We can do this. We can decorate and sip our coffee and look up each morning to the genius on the wall and re-recognize the corporitos as the toilet paper providers they have always been. Dealers on the TP market. They can hide away in private planes until tomorrow’s tomorrow as long as we never run out of toilet paper. But they are forbidden to bid on our humanity and set the thinking price of an artist’s gift of expression. Ignore them and they go away. I’ve seen it happen.
And they leave aisles upon aisles of toilet paper stacked to the ceiling six rows back.
Stick to the ca-ca exchange Christies®, while the enlightened denizens of the new age express their taste with an Ulanova painting.
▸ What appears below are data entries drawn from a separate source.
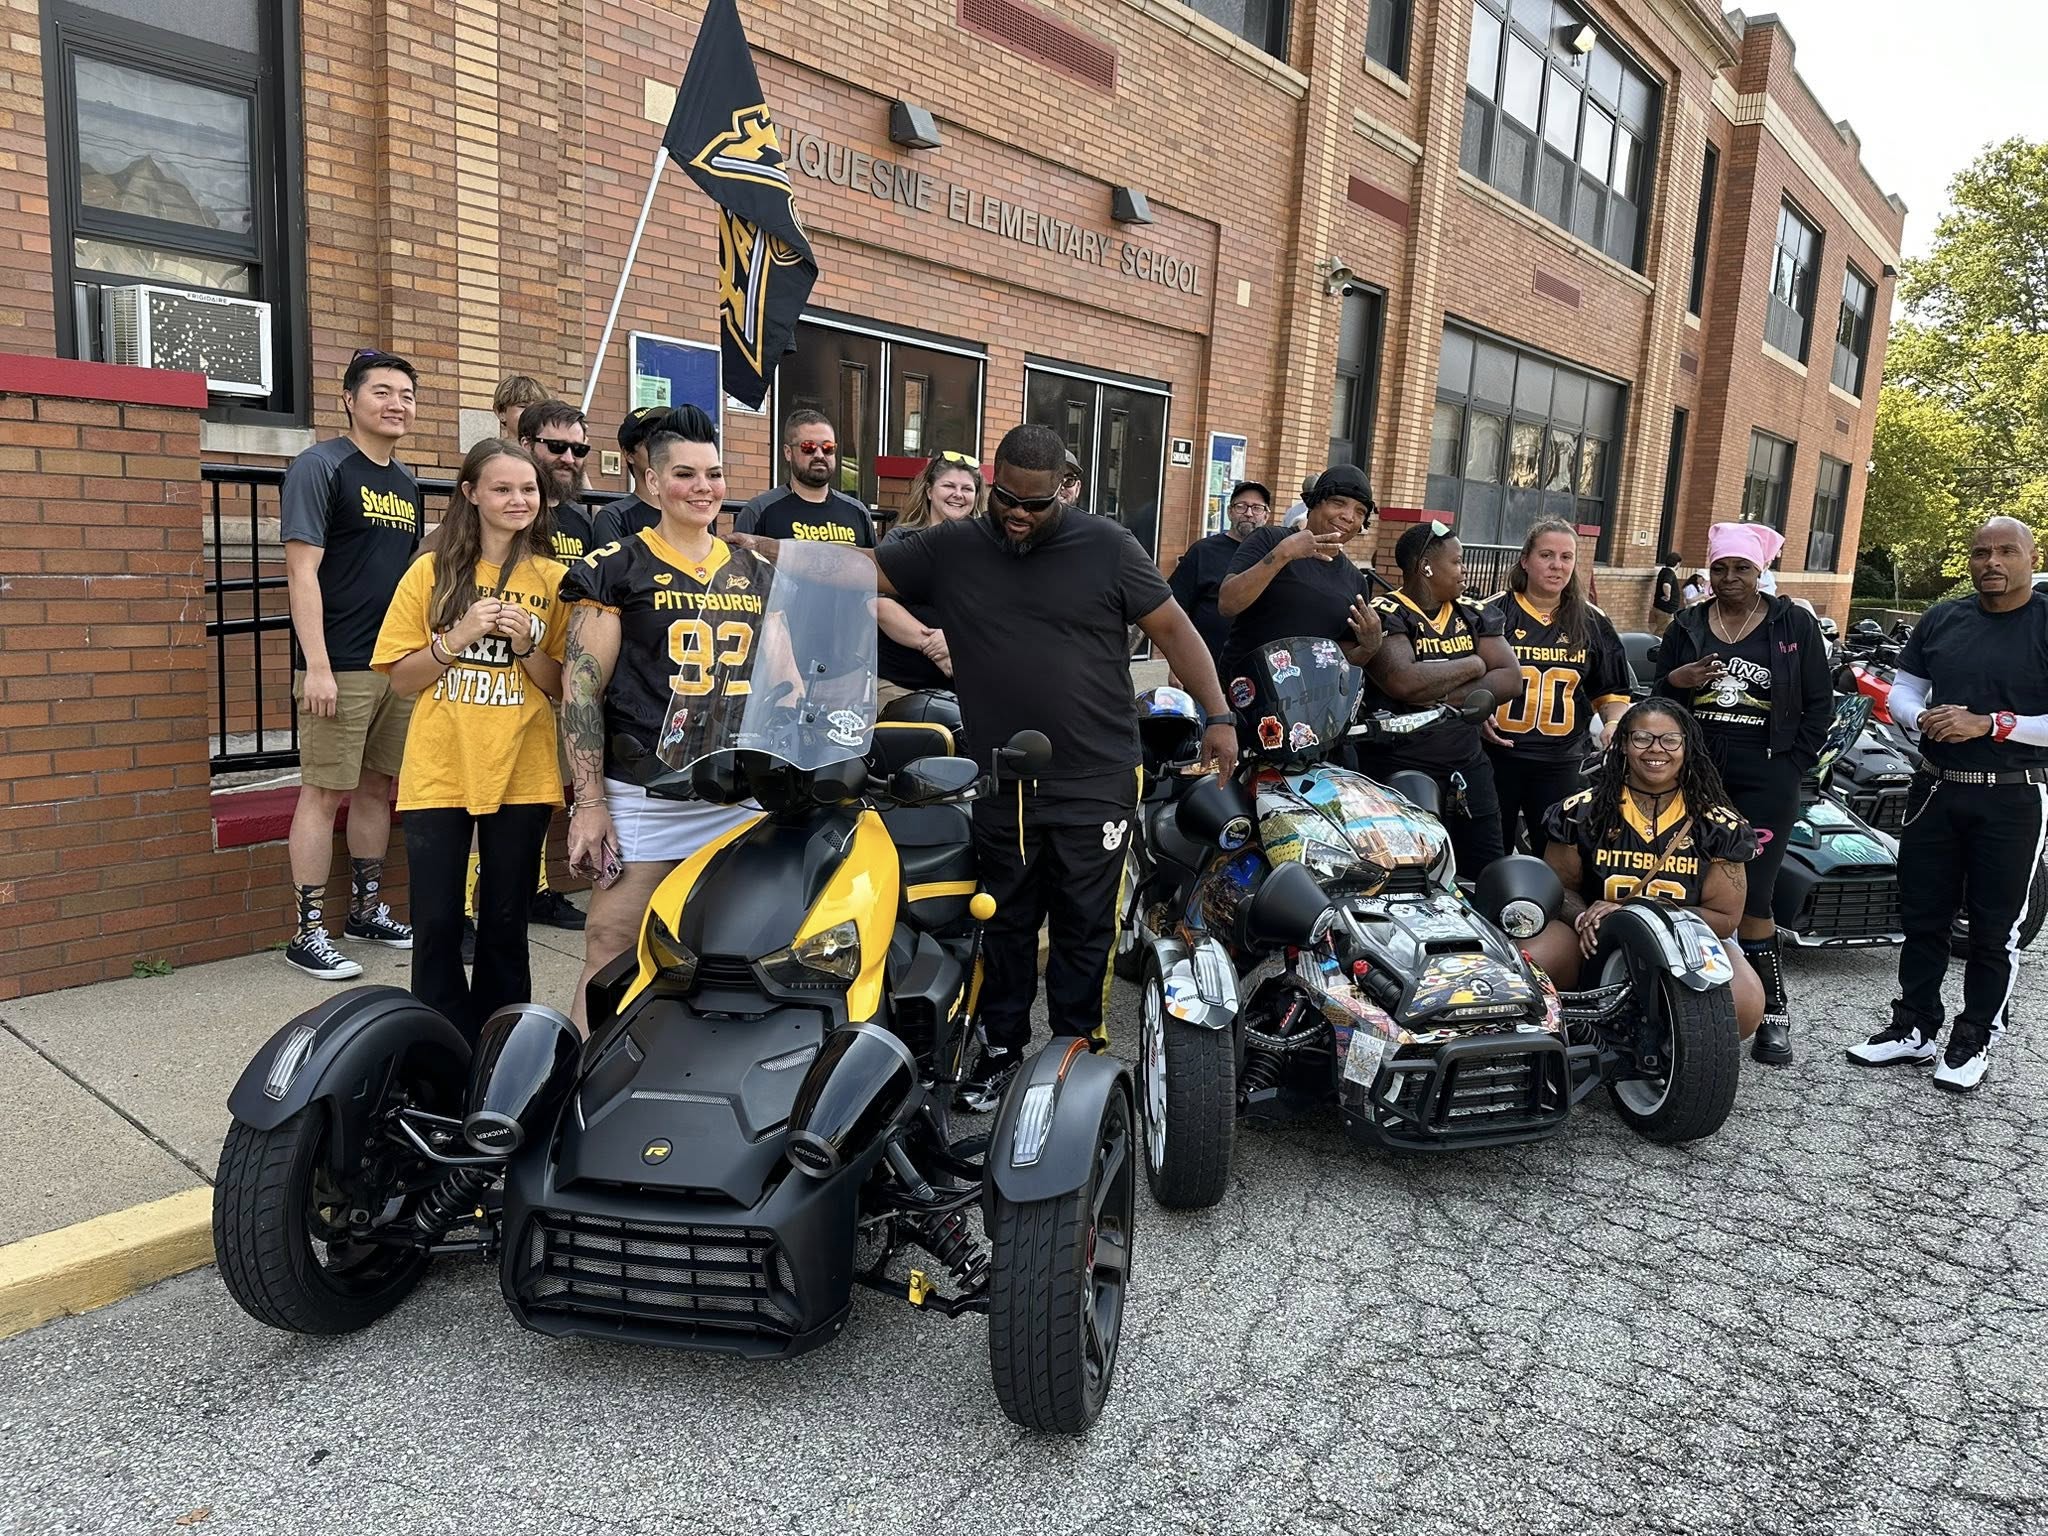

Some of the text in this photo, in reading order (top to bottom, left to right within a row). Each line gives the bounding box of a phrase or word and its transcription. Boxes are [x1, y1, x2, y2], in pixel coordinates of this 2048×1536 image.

[776, 124, 936, 213] UQUESNE
[948, 183, 1112, 267] ELEMENTARY
[1120, 242, 1203, 297] SCHOOL
[187, 292, 229, 304] FRIGIDAIRE
[361, 485, 416, 521] Steeline
[791, 521, 856, 542] Steeline
[551, 530, 584, 556] eline
[529, 594, 550, 611] OF
[654, 589, 762, 615] PITTSBURGH
[667, 618, 754, 697] 92
[1511, 645, 1586, 664] ITTSBURGH
[1495, 664, 1582, 737] 00
[1717, 686, 1738, 708] 3
[1693, 709, 1767, 727] PITTSBURGH
[475, 1126, 506, 1141] KICKER
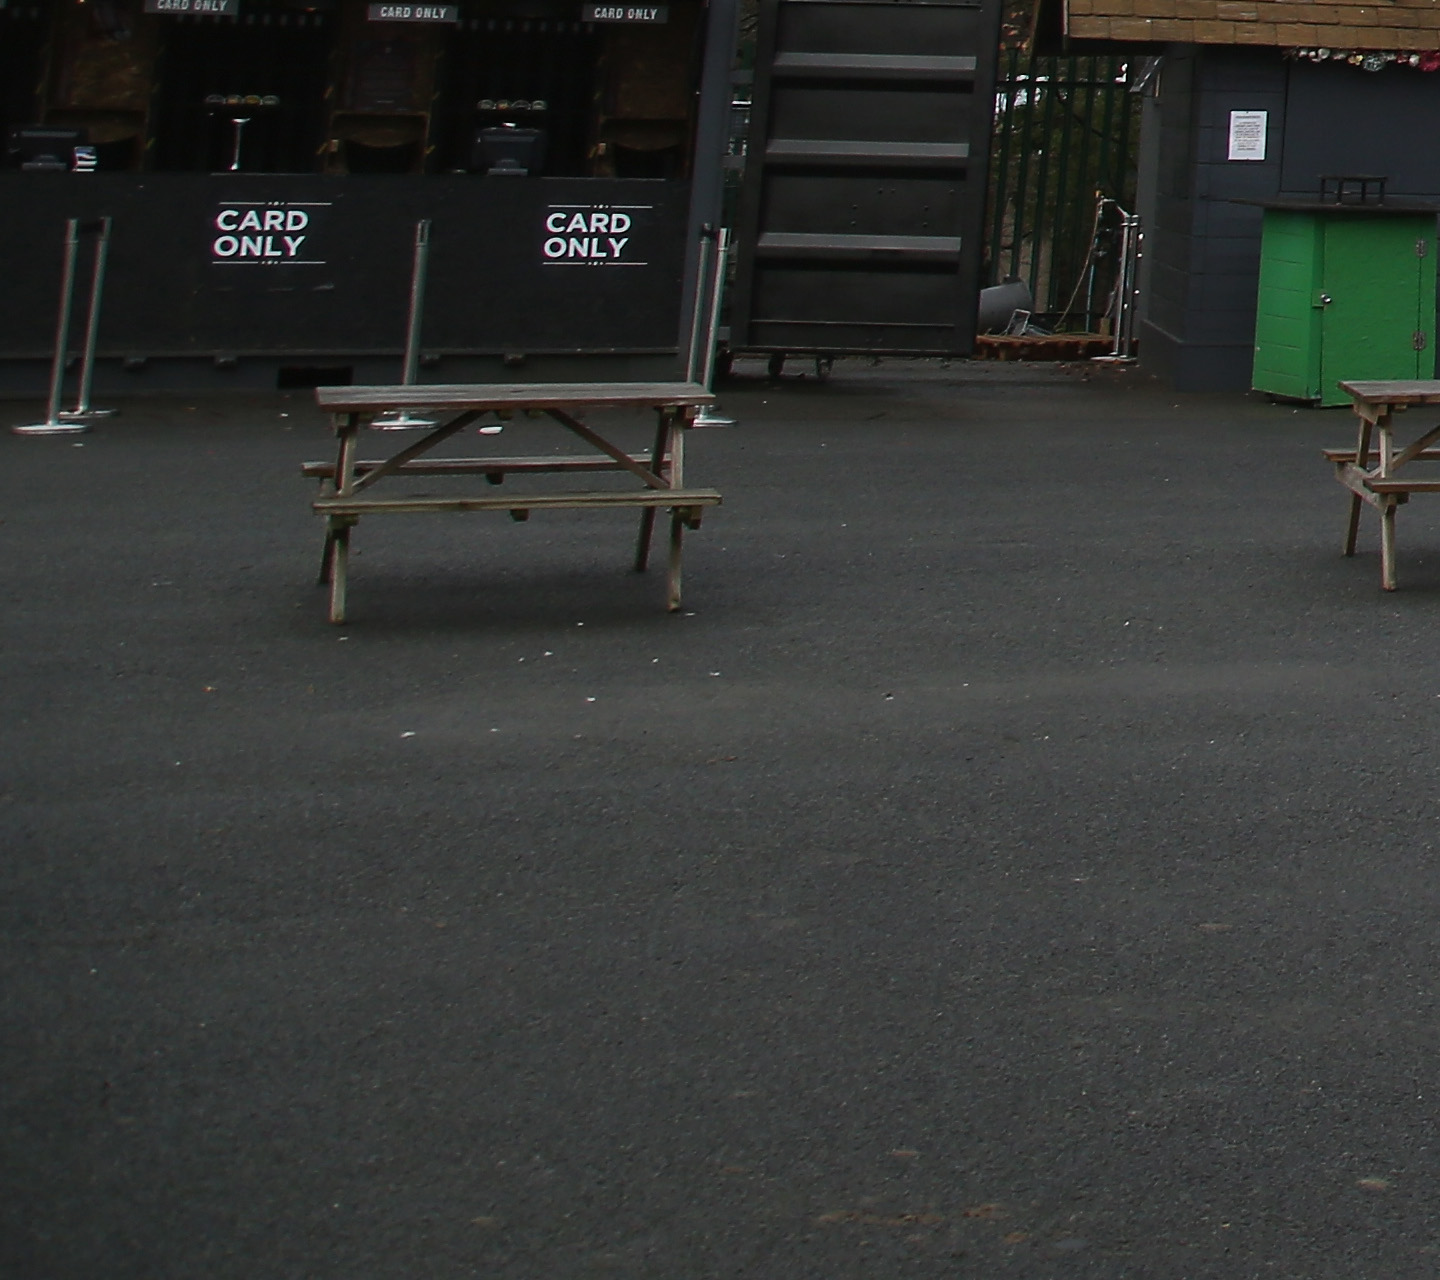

We’ll call you when we need you. “Ah, damn! Honey, bring me a roll of toilet paper please!”
Our suppliers are filthy rich, yes, but necessary for our daily hygiene. Give them their $1.29 for another roll. Let them keep their private planes and stupid trips to an ugly Dubai. But never give up your art. It’s what separates you from the serfs of the supply line.
Christies’ Art Tulips in Amsterdam Auction House of Billionaire Rot just sold an artificial intelligence masterpiece to an art-hater for $432,500.00.
Undercut these oligarchs of grand stupidity this holiday season. Pack all your years of love and human tenderness into a tiny fabric ball placed beneath your pillow on a snowy December night. Think on your children and grandchildren, holiday decoration and cheer, loved ones lost and gained and maintained. Dream a long, deep sleep night of a world without Jeff Bezos picking his ear wax and the next minute the modern serfs of earth throwing a billion coins at his feet. Think of Santa Claus and Charles Dickens, why not? And then watch a tremendous time lapsed video into the future beginning with a solitary bird of prey landing on a mall roof and the same species of bird leaving the mall of the future, level ground of earth now grass, wildflowers, insects, worms and no human being you have ever known or will know upon it. A people unknown moving over the mall that was so long ago, that is no more. People of no history because history wasn’t worth repeating to idiots who purchase paintings made by a computer.
In the morning take the fabric ball from under the pillow. Take it to the kitchen and squeeze it over your favorite coffee mug.
Alocasia juice and a new day worth living. Drink up!
All for one hundred and thirty dollars. Created by human hands in a world shared by humans. Try it sometime. It won’t hurt you as much as celebrity worship has.